:: Stored data entries ::
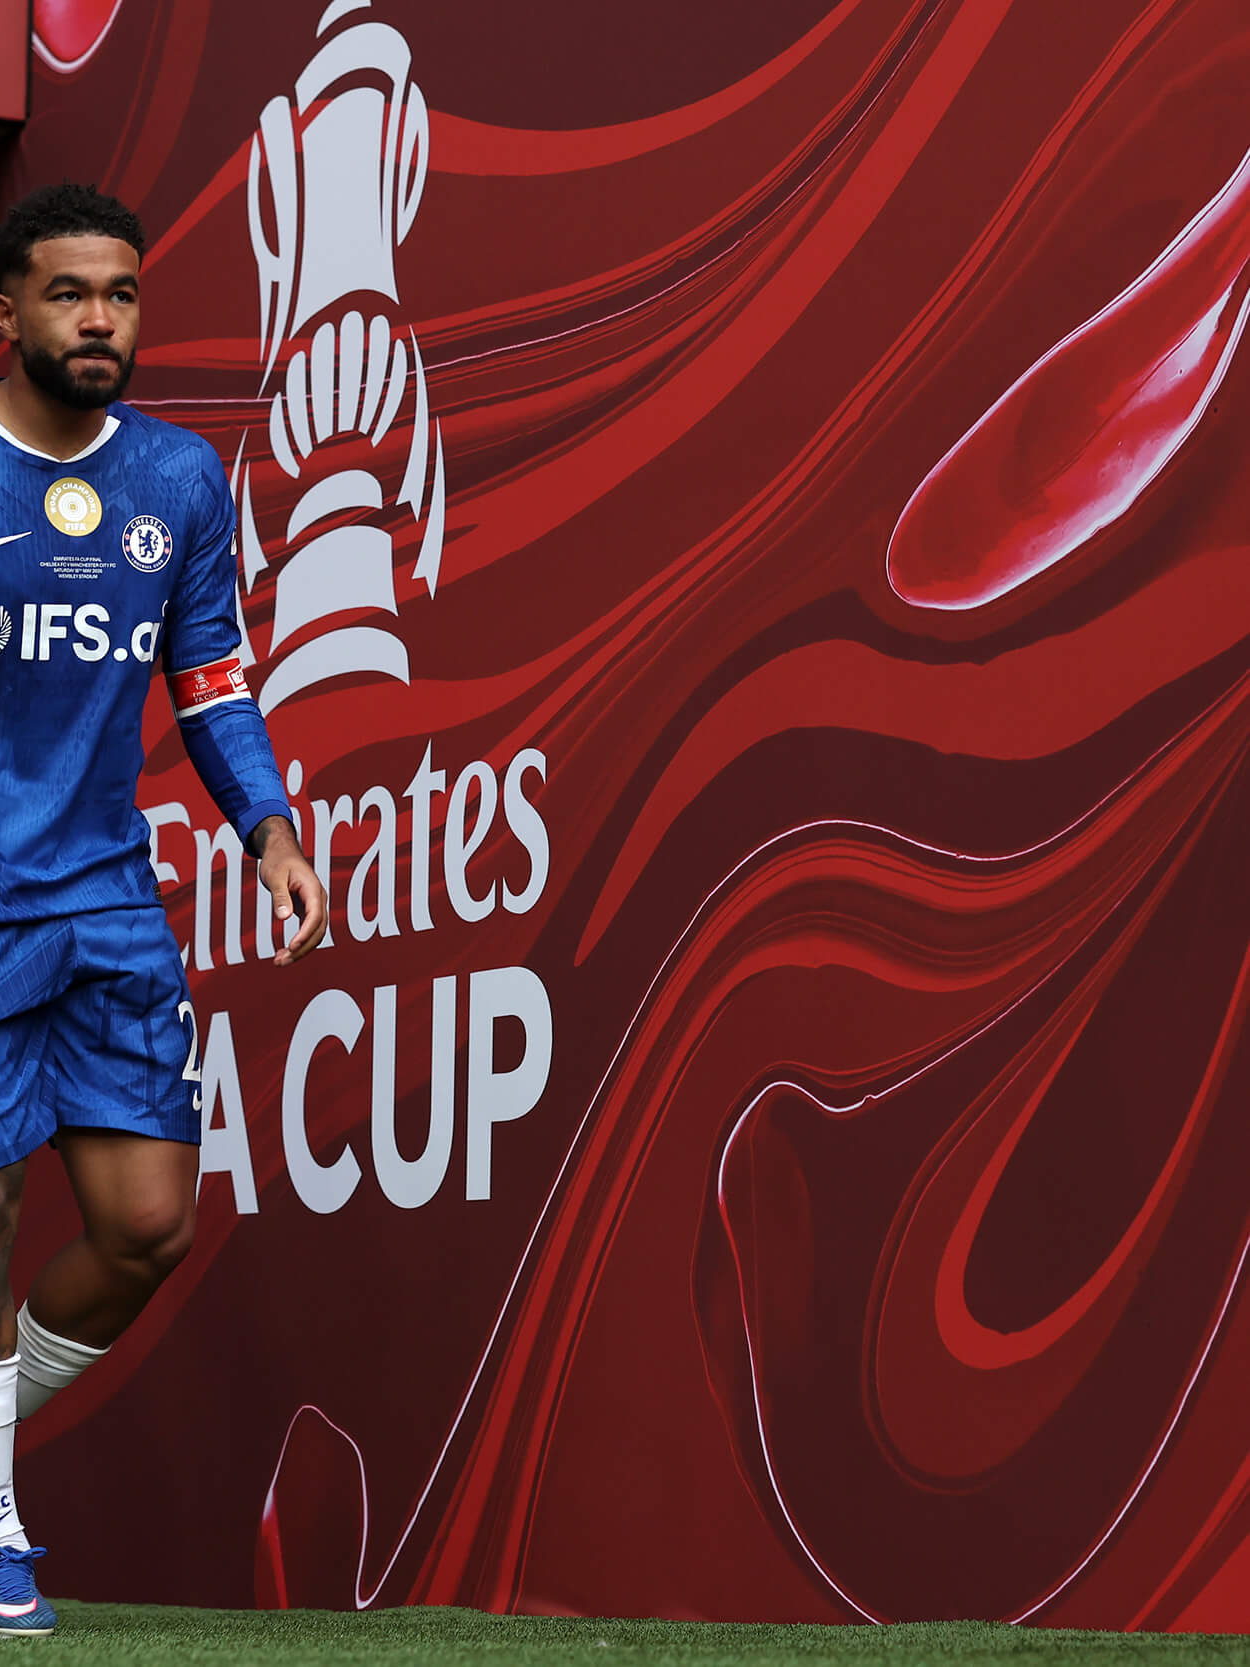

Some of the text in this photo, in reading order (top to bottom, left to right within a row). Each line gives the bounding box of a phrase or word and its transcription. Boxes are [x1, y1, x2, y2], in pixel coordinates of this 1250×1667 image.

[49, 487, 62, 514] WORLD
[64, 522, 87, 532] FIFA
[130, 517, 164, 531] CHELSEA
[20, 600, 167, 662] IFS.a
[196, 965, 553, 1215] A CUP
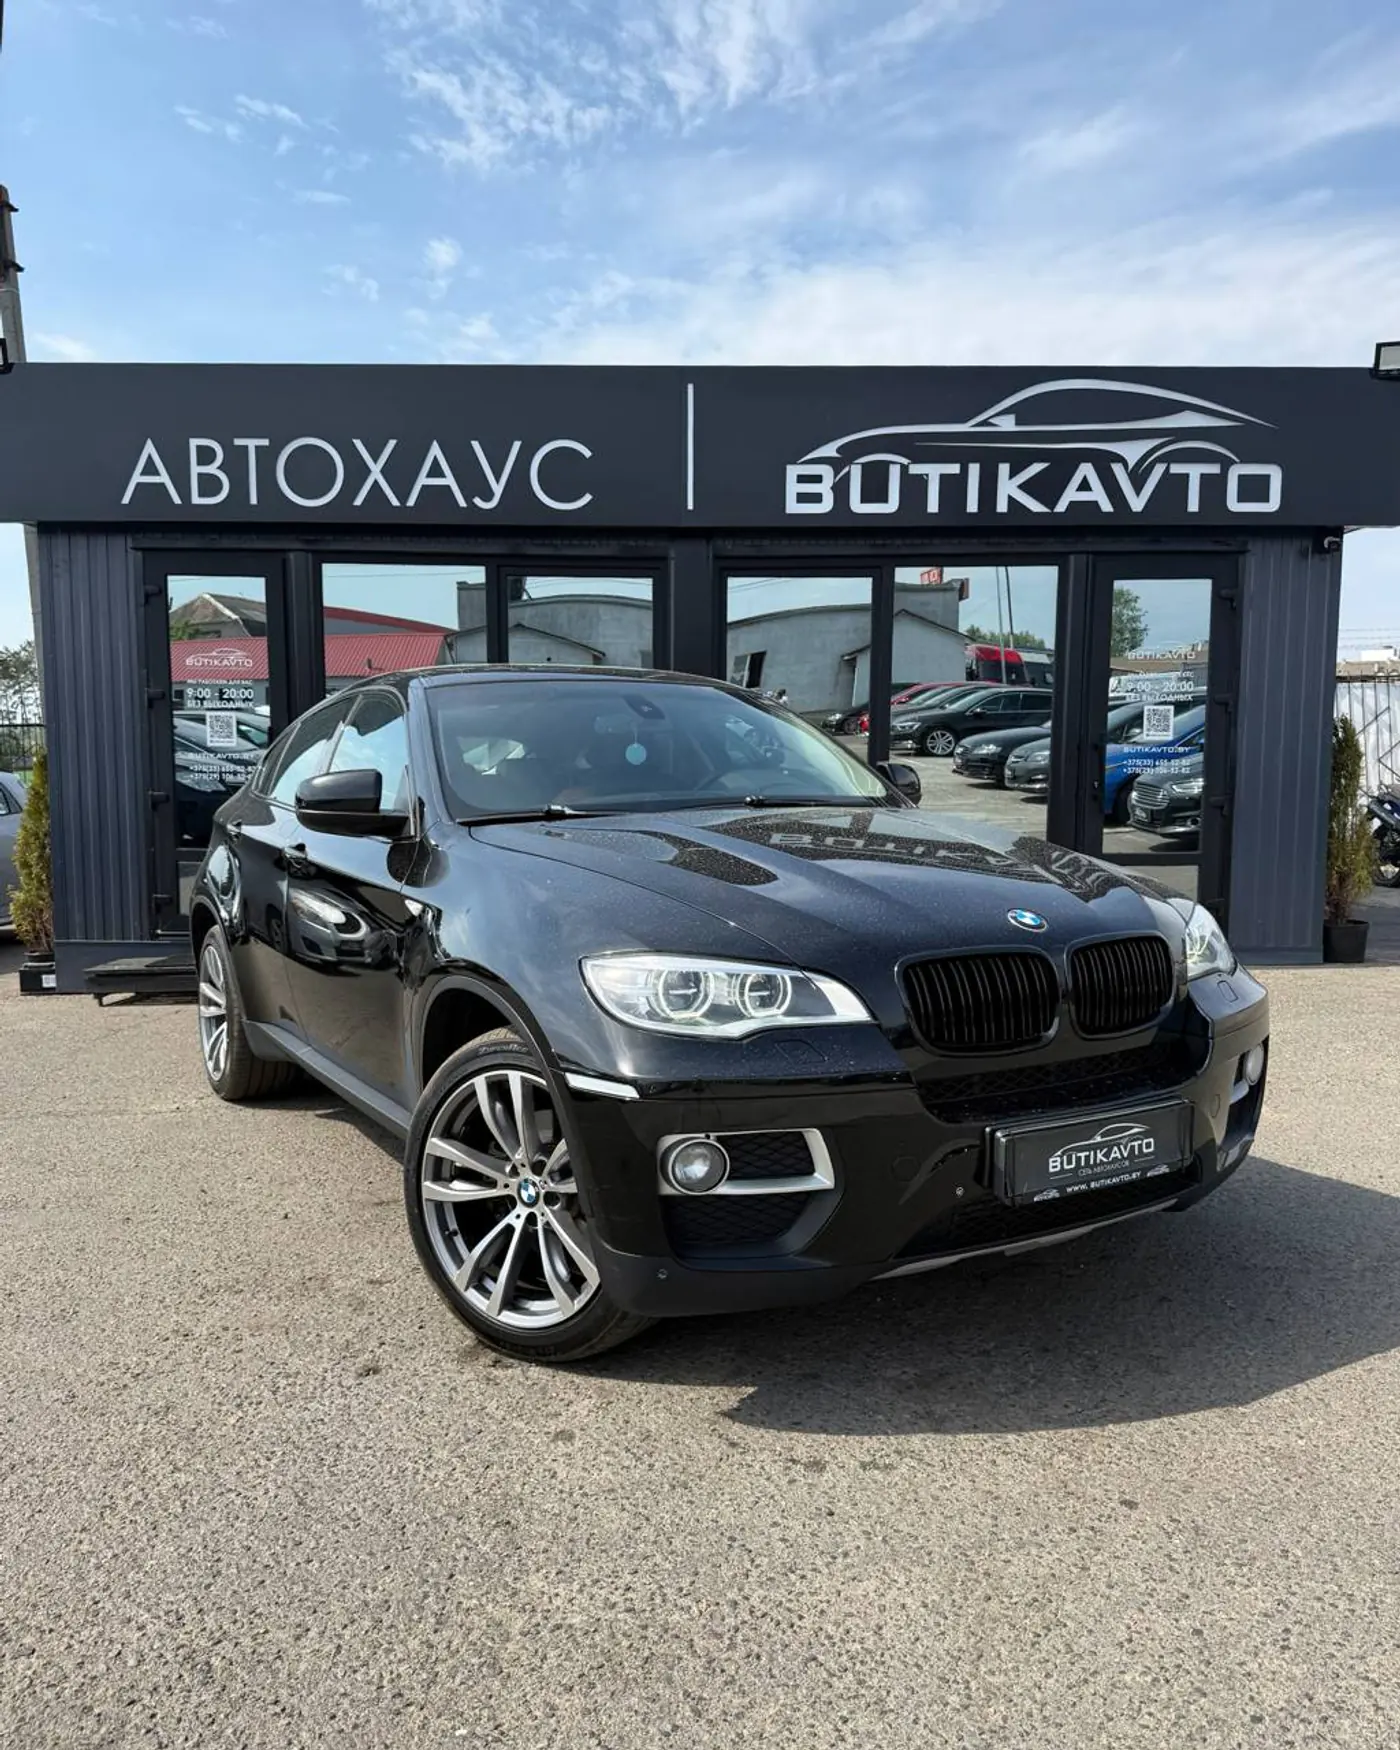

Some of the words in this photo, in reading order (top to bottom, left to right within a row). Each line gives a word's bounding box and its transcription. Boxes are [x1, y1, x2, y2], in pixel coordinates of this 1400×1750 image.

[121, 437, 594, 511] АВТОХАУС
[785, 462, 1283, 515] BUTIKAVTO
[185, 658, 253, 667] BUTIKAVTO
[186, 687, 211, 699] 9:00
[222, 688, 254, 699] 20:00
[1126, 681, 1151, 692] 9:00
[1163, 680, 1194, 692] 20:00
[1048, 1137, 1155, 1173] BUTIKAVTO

:: Your assignment ::
Find the line containing "Some of the words", then output it and every line after it to the end of the data, exactly.

:: Response for this exercise ::
Some of the words in this photo, in reading order (top to bottom, left to right within a row). Each line gives a word's bounding box and its transcription. Boxes are [x1, y1, x2, y2], in pixel coordinates of this 1400×1750 image.

[121, 437, 594, 511] АВТОХАУС
[785, 462, 1283, 515] BUTIKAVTO
[185, 658, 253, 667] BUTIKAVTO
[186, 687, 211, 699] 9:00
[222, 688, 254, 699] 20:00
[1126, 681, 1151, 692] 9:00
[1163, 680, 1194, 692] 20:00
[1048, 1137, 1155, 1173] BUTIKAVTO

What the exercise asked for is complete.